[Task directions]:
Restate the records below exactly. Pictures are not part of the copy.

[Given data]:

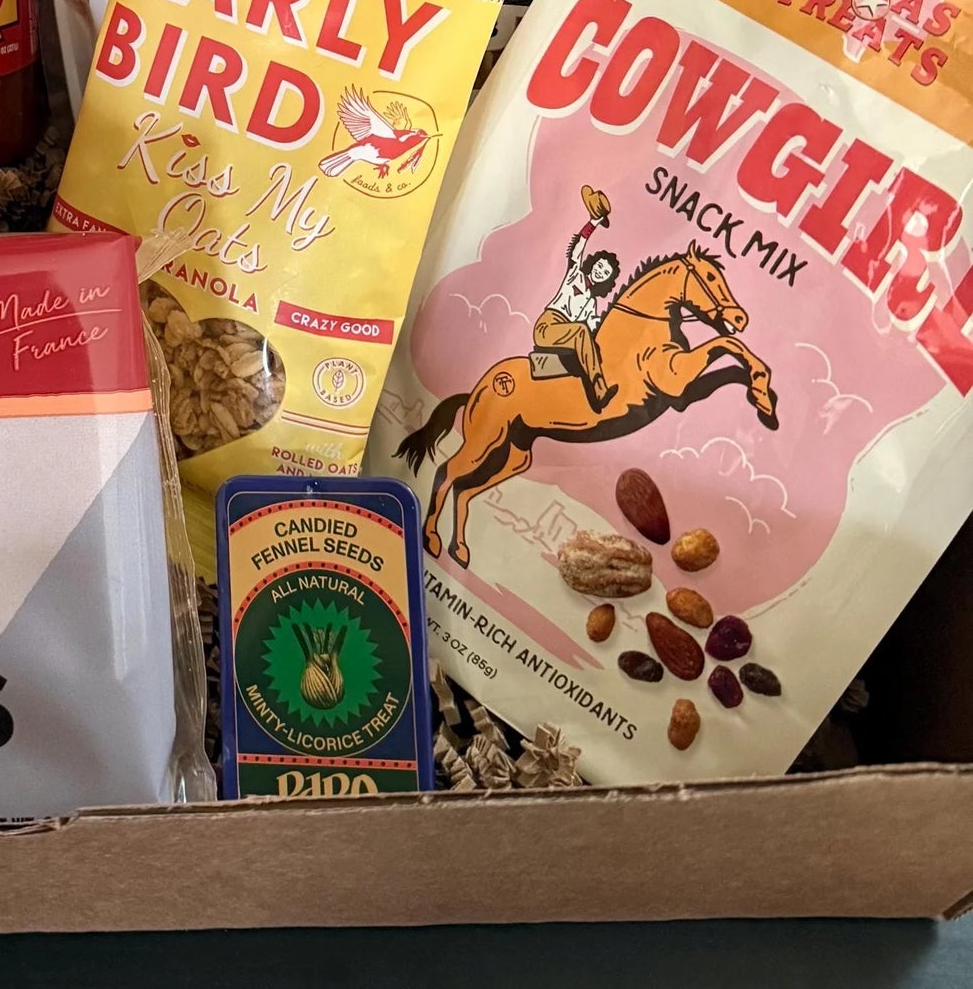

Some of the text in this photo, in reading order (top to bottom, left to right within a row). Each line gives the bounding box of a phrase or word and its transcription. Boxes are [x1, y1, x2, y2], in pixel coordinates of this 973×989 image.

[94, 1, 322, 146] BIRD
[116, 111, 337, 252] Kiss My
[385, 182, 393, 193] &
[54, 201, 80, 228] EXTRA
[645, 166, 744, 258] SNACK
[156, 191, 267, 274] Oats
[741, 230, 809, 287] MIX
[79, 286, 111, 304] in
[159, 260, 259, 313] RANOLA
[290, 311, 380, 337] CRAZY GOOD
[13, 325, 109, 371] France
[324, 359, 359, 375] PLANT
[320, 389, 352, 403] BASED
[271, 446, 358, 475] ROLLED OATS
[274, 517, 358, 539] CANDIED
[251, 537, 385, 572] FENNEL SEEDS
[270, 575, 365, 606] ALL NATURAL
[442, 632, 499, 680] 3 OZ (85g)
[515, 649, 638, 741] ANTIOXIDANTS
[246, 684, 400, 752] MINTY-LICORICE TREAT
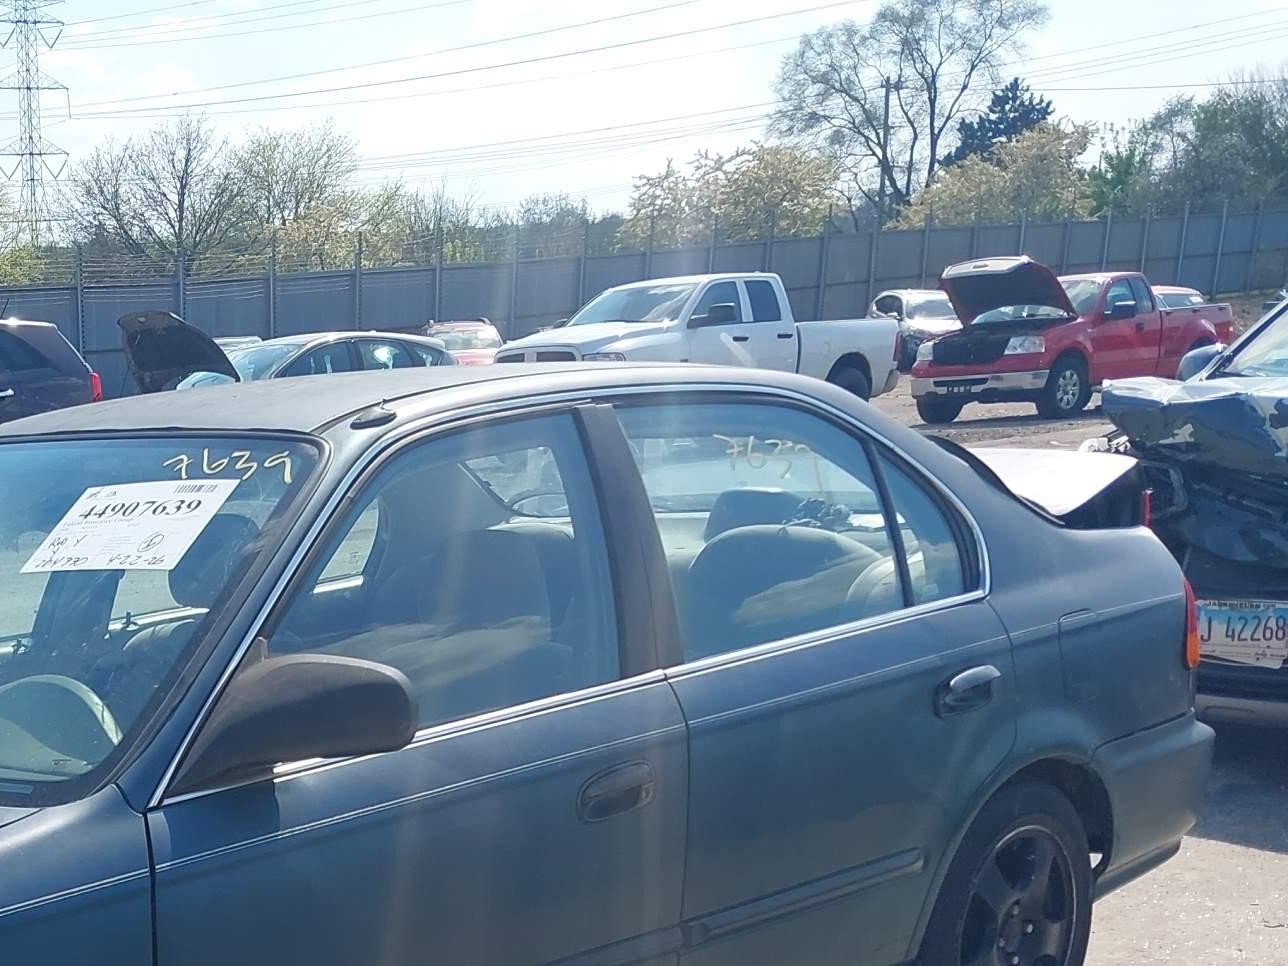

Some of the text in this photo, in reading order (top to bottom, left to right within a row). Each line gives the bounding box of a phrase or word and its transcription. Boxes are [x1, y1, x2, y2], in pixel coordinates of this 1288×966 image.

[Answer area]:
Some of the text in this photo, in reading order (top to bottom, left to right within a row). Each line gives the bounding box of a phrase or word and its transcription. Boxes are [x1, y1, x2, y2], in pixel coordinates of this 973×989 image.

[94, 1, 322, 146] BIRD
[116, 111, 337, 252] Kiss My
[385, 182, 393, 193] &
[54, 201, 80, 228] EXTRA
[645, 166, 744, 258] SNACK
[156, 191, 267, 274] Oats
[741, 230, 809, 287] MIX
[79, 286, 111, 304] in
[159, 260, 259, 313] RANOLA
[290, 311, 380, 337] CRAZY GOOD
[13, 325, 109, 371] France
[324, 359, 359, 375] PLANT
[320, 389, 352, 403] BASED
[271, 446, 358, 475] ROLLED OATS
[274, 517, 358, 539] CANDIED
[251, 537, 385, 572] FENNEL SEEDS
[270, 575, 365, 606] ALL NATURAL
[442, 632, 499, 680] 3 OZ (85g)
[515, 649, 638, 741] ANTIOXIDANTS
[246, 684, 400, 752] MINTY-LICORICE TREAT

Some of the text in this photo, in reading order (top to bottom, left to right within a row). Each line gives the bounding box of a phrase or word and its transcription. Boxes are [x1, y1, x2, y2], in pixel coordinates of this 1288×966 image.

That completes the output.